凌琪轻柔地、轻飘飘地从悬崖上走下来,没有一丝声响。夜风吹得她的长袍和散落的头发飘扬起来,她飞过雾气蒙蒙的湖面,向着山顶飞去。那是她属于的地方。她知道这一点。虽然她可以在炉边取暖一会儿,躲在黑暗中,或者在天空中翱翔,但这些都不是她该去的地方。
这些都不是她的家。
她有多久没有回家了?
她闭上眼睛,任由自己随风飘荡,山顶上传来的轻柔音乐萦绕在她的心头。她之所以保留着母亲的笛子,紧紧地握着它,保护着它,即使她一无所有,当饥饿让她渴望把它典当以换取一顿简单的饭菜时,她也是有原因的。
音乐是家、安全、爱,是她为了那把可怜的双刃剑的自由而放弃的一切。音乐是她最美好回忆的基石。然而,尽管如此依恋,她还是买不起它。
不是在城市里,笛声会引来街上的清道夫;不是在山上,她需要拼命地拼命争取力量,以至于力量会消耗掉她所有的一切。
她落在山腰上时,感觉有人紧紧地抱着她,既温暖又寒冷。她靠在怀里,睁开了眼睛。母亲深情地低头看着她,抚摸着她的头发,就像很久很久以前做的那样。凌琪笑了笑,她们分开了,但她仍然握着老妇人的手。温暖、光滑的鳞片依偎在她的另一只手上,她低头看到身边的真和桂,那是她从蛋里养大的弟弟。她拍了拍他的头,他发出了一声高兴的嘶嘶声。

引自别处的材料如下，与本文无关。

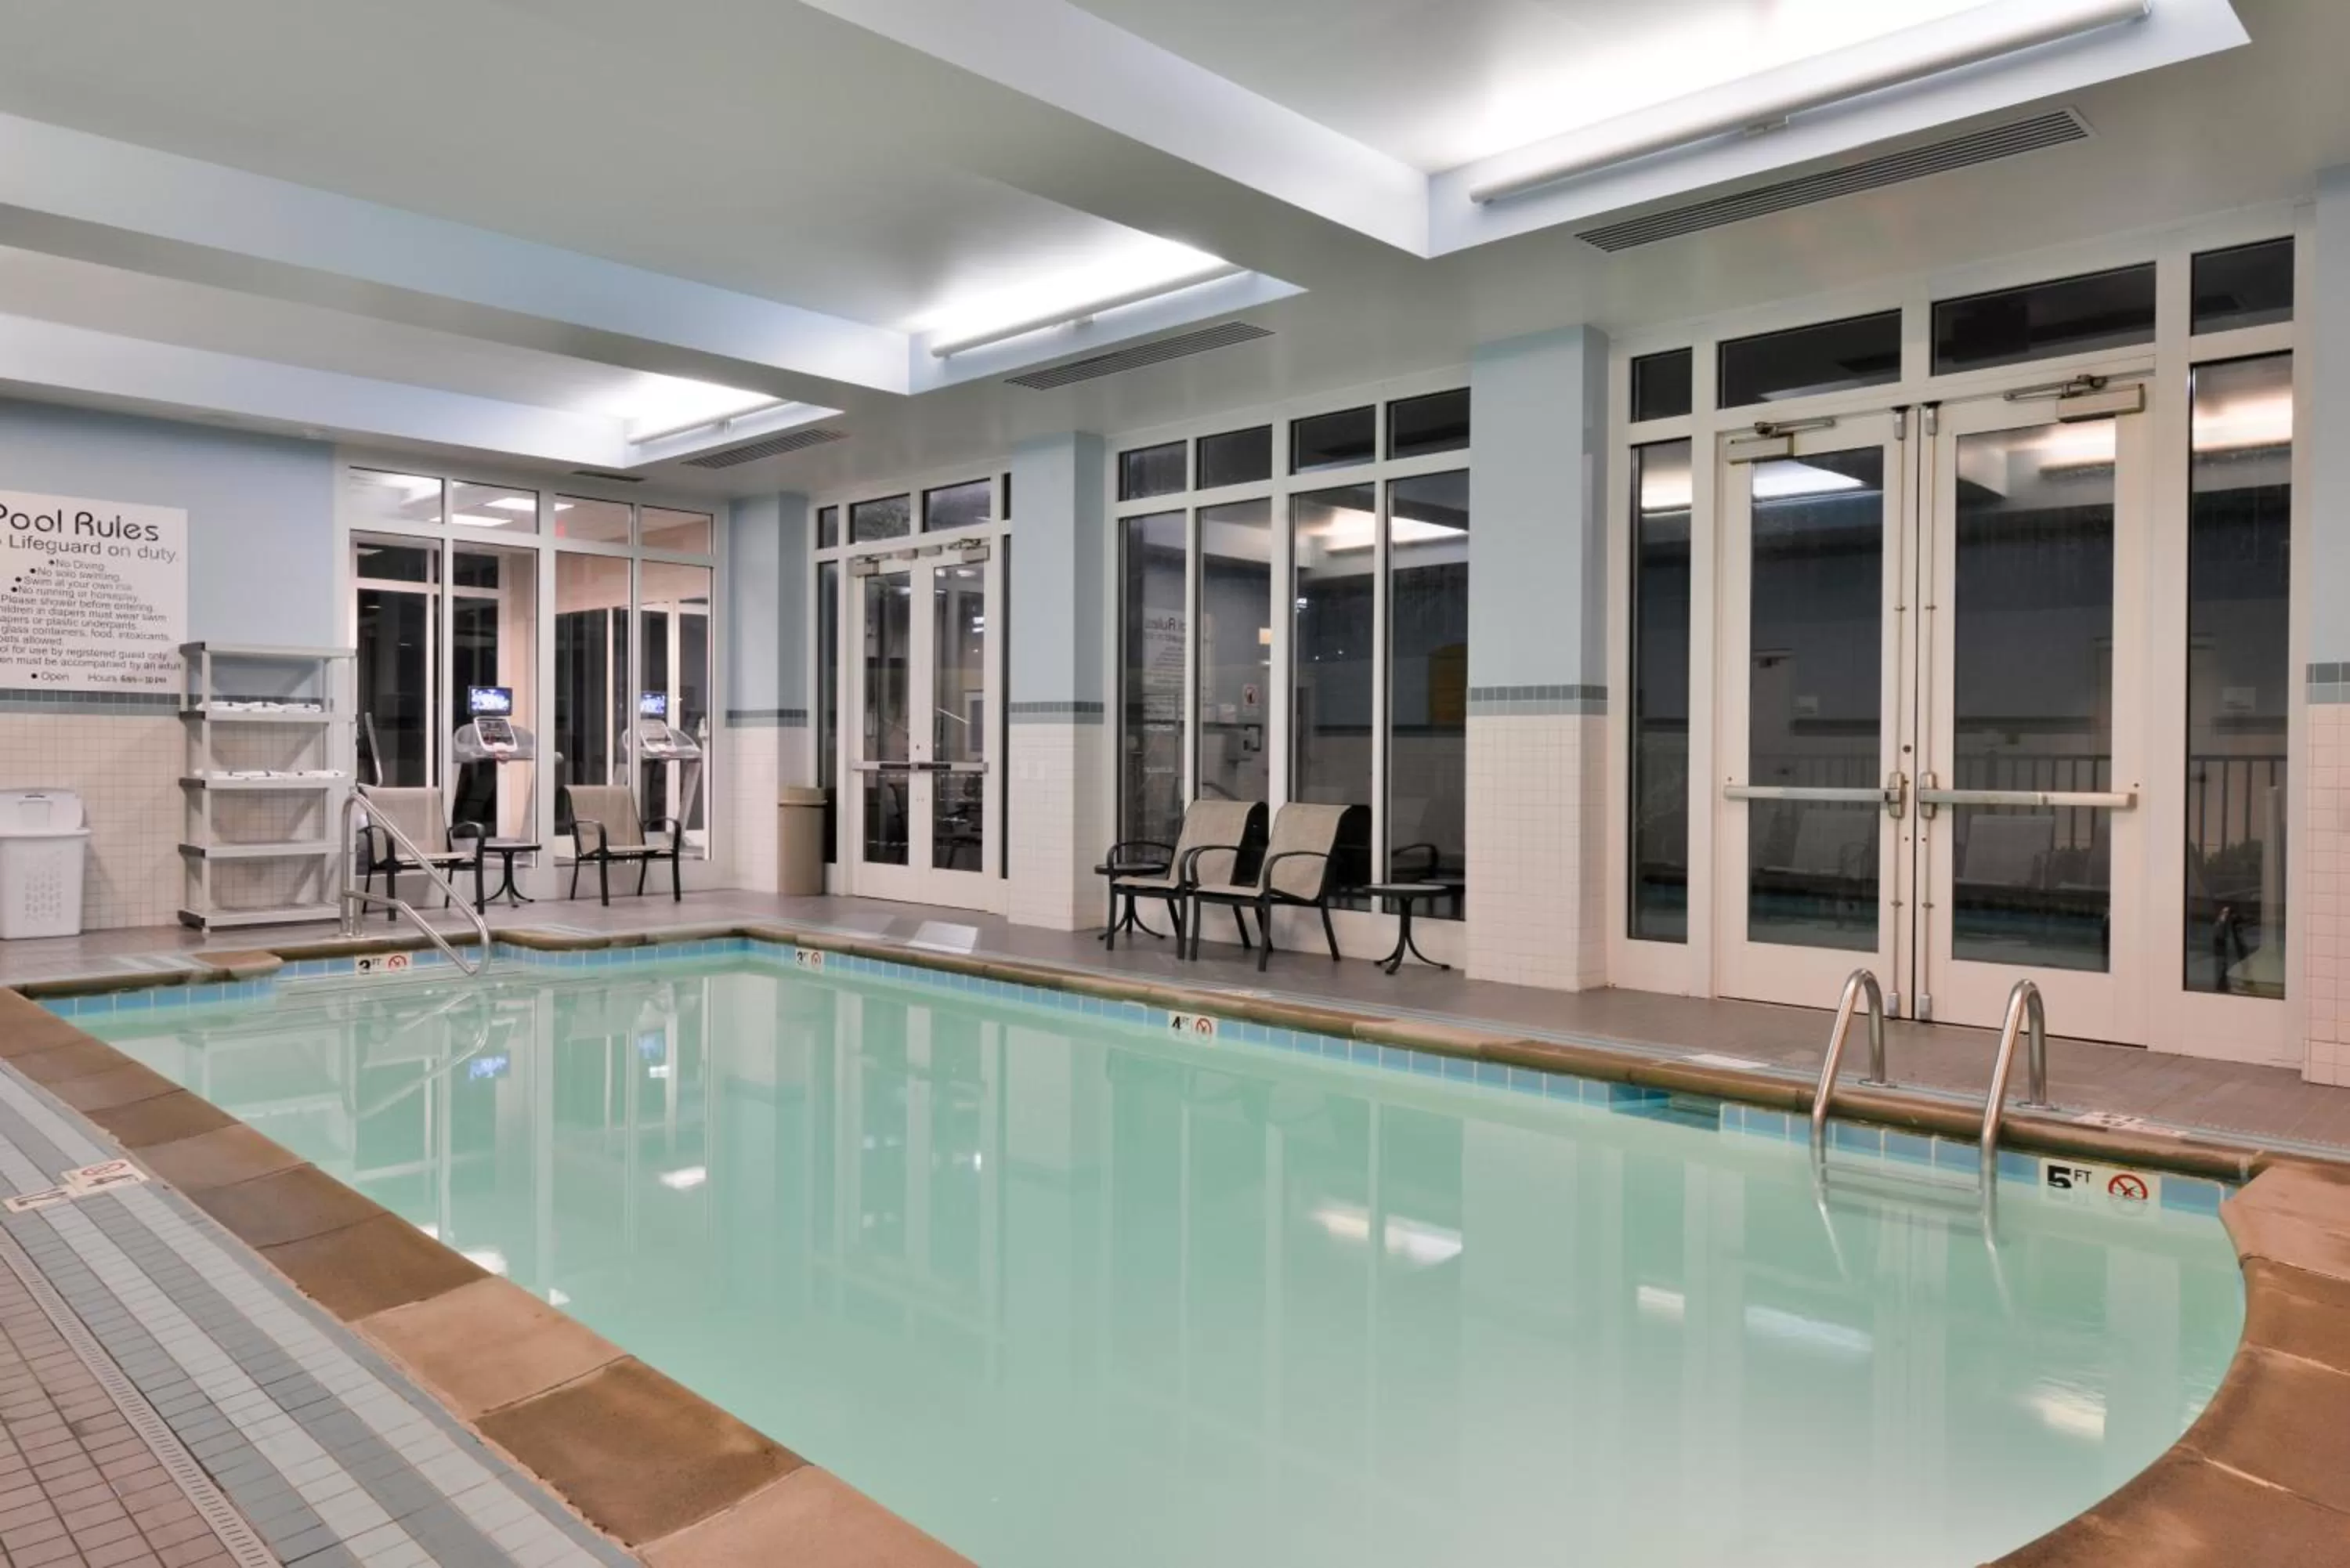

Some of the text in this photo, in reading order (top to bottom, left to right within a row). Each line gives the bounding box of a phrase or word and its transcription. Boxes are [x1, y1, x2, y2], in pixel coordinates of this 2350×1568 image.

在她的视野角落里站着一个面色苍白的女孩,既近又远,渴望地注视着她。
山峦在头顶绵延,从山顶飘落下来的旋律令人心旷神怡。在山顶等待她的是超越悲惨的自由、超越权力、超越短暂的陪伴。她会紧紧抓住朋友,但最终,这种纽带发生了变化。当她一步一步地迈出脚步,在只有三个人陪伴的情况下登上山顶时,凌琪开始明白她真正想要的是什么。
家。
这是属于她的地方,那里有人居住。
她的束缚已经松脱。母亲在她眼前闪烁,面容变得冰冷而傲慢,然后又变成了一双温暖的银色眼睛。她不敢让身后的女孩靠近,害怕这意味着什么。只有真贵坚定而真实地站在她身边。